__THE DATA__.
***

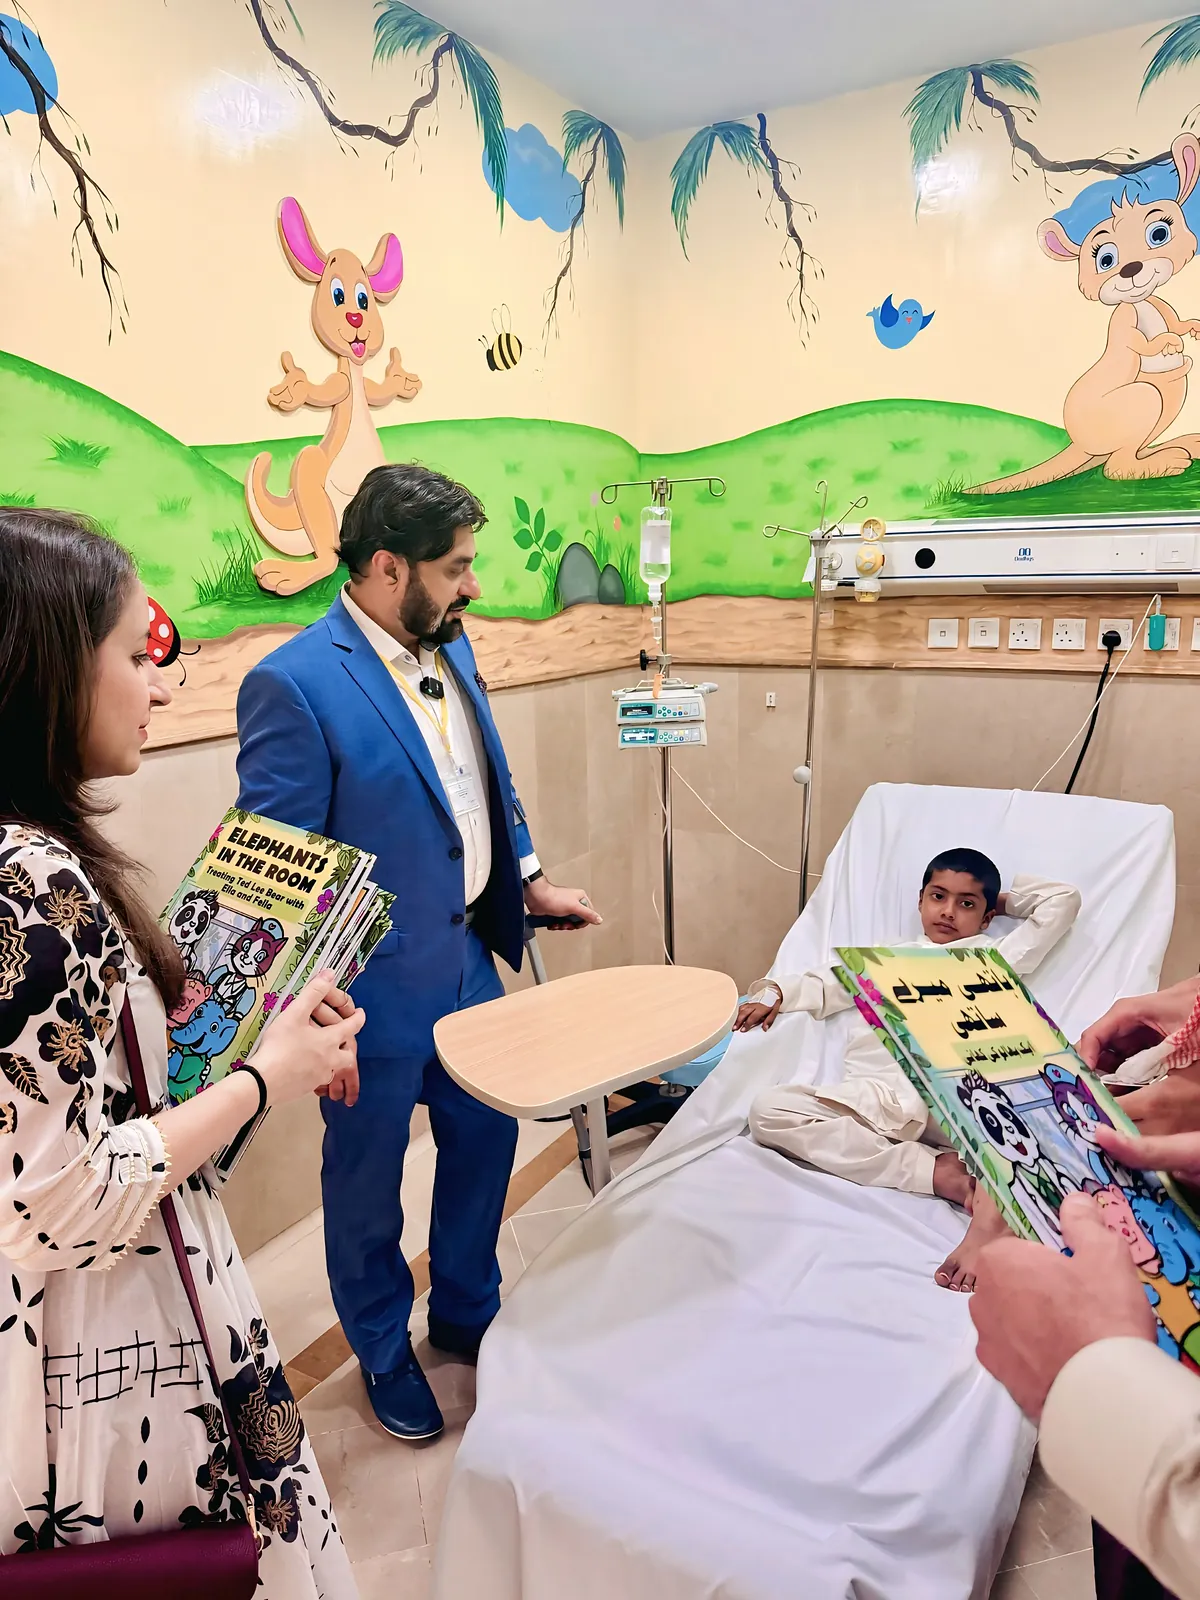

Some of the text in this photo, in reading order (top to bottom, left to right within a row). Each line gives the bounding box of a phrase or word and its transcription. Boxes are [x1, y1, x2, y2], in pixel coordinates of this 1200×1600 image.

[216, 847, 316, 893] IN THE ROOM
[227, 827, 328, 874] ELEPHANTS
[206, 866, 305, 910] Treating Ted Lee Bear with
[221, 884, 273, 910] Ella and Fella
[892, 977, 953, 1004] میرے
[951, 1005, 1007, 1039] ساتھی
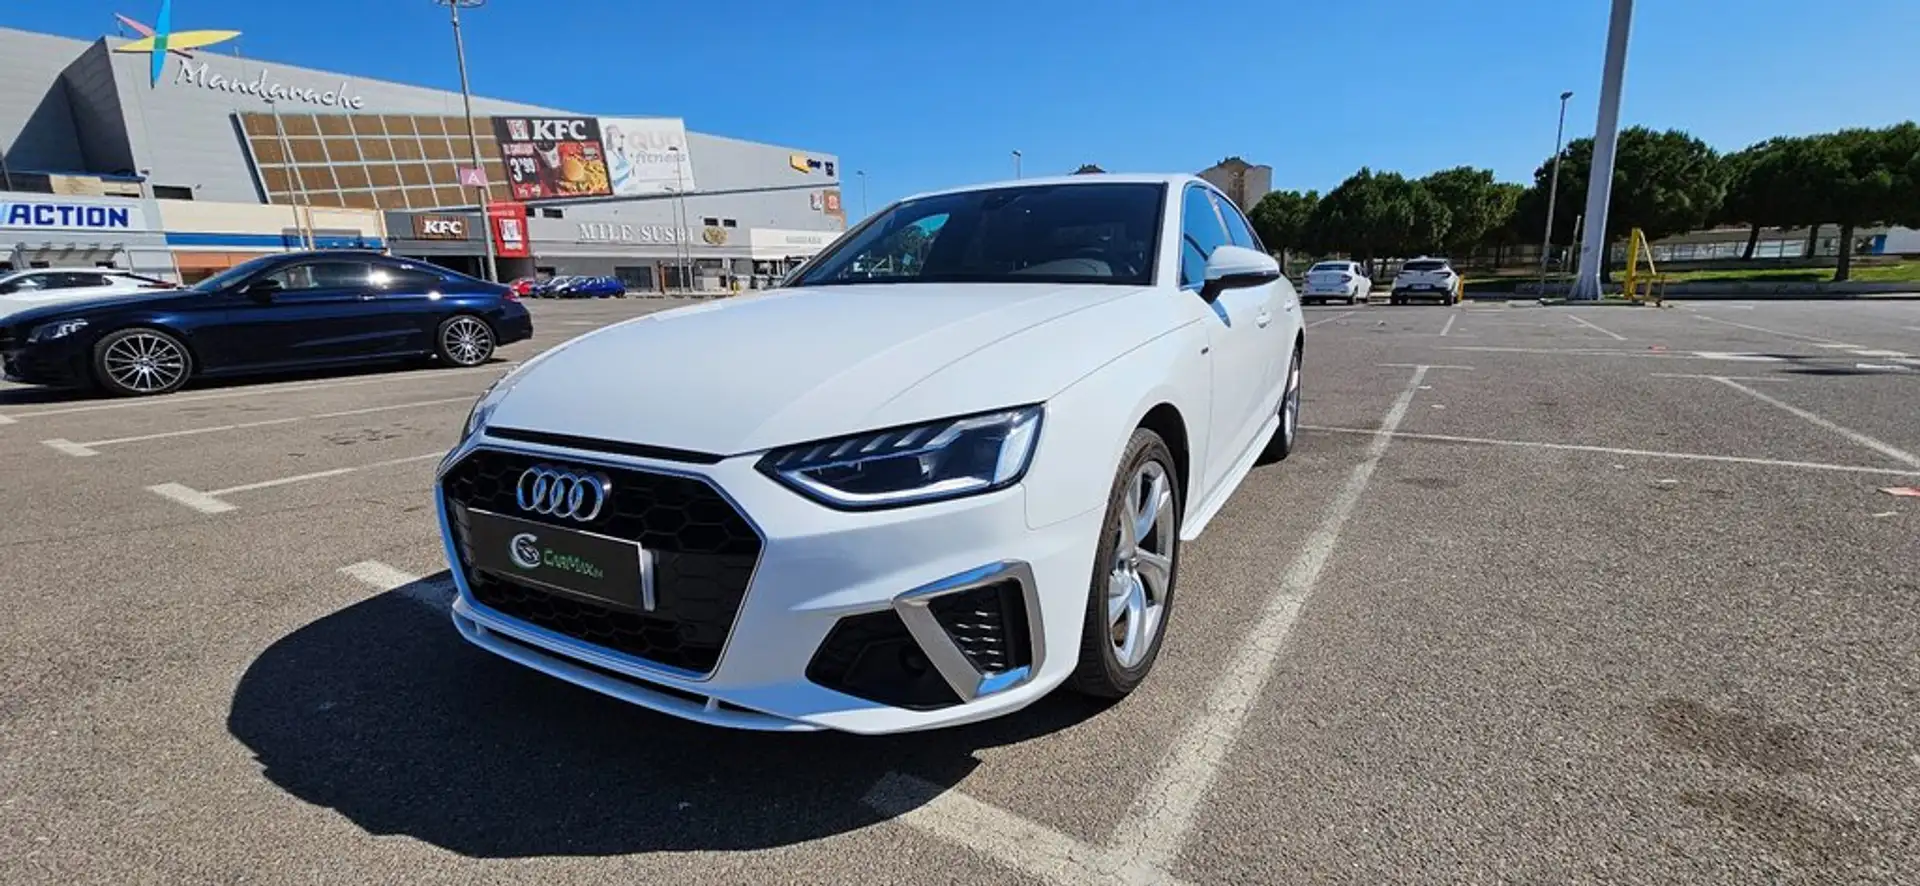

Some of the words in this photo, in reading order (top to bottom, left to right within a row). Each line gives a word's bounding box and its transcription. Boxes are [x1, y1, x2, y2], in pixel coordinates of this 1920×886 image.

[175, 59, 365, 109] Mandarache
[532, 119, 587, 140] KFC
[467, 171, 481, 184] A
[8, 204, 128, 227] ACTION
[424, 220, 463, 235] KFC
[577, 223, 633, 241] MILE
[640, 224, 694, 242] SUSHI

***

__WHAT YOU ARE ASKED TO DO__.
In your copy of the listing above, every line must match exactly and no picture may appear.

__WRITTEN RESPONSE__.
Some of the text in this photo, in reading order (top to bottom, left to right within a row). Each line gives the bounding box of a phrase or word and its transcription. Boxes are [x1, y1, x2, y2], in pixel coordinates of this 1200×1600 image.

[216, 847, 316, 893] IN THE ROOM
[227, 827, 328, 874] ELEPHANTS
[206, 866, 305, 910] Treating Ted Lee Bear with
[221, 884, 273, 910] Ella and Fella
[892, 977, 953, 1004] میرے
[951, 1005, 1007, 1039] ساتھی

Some of the words in this photo, in reading order (top to bottom, left to right within a row). Each line gives a word's bounding box and its transcription. Boxes are [x1, y1, x2, y2], in pixel coordinates of this 1920×886 image.

[175, 59, 365, 109] Mandarache
[532, 119, 587, 140] KFC
[467, 171, 481, 184] A
[8, 204, 128, 227] ACTION
[424, 220, 463, 235] KFC
[577, 223, 633, 241] MILE
[640, 224, 694, 242] SUSHI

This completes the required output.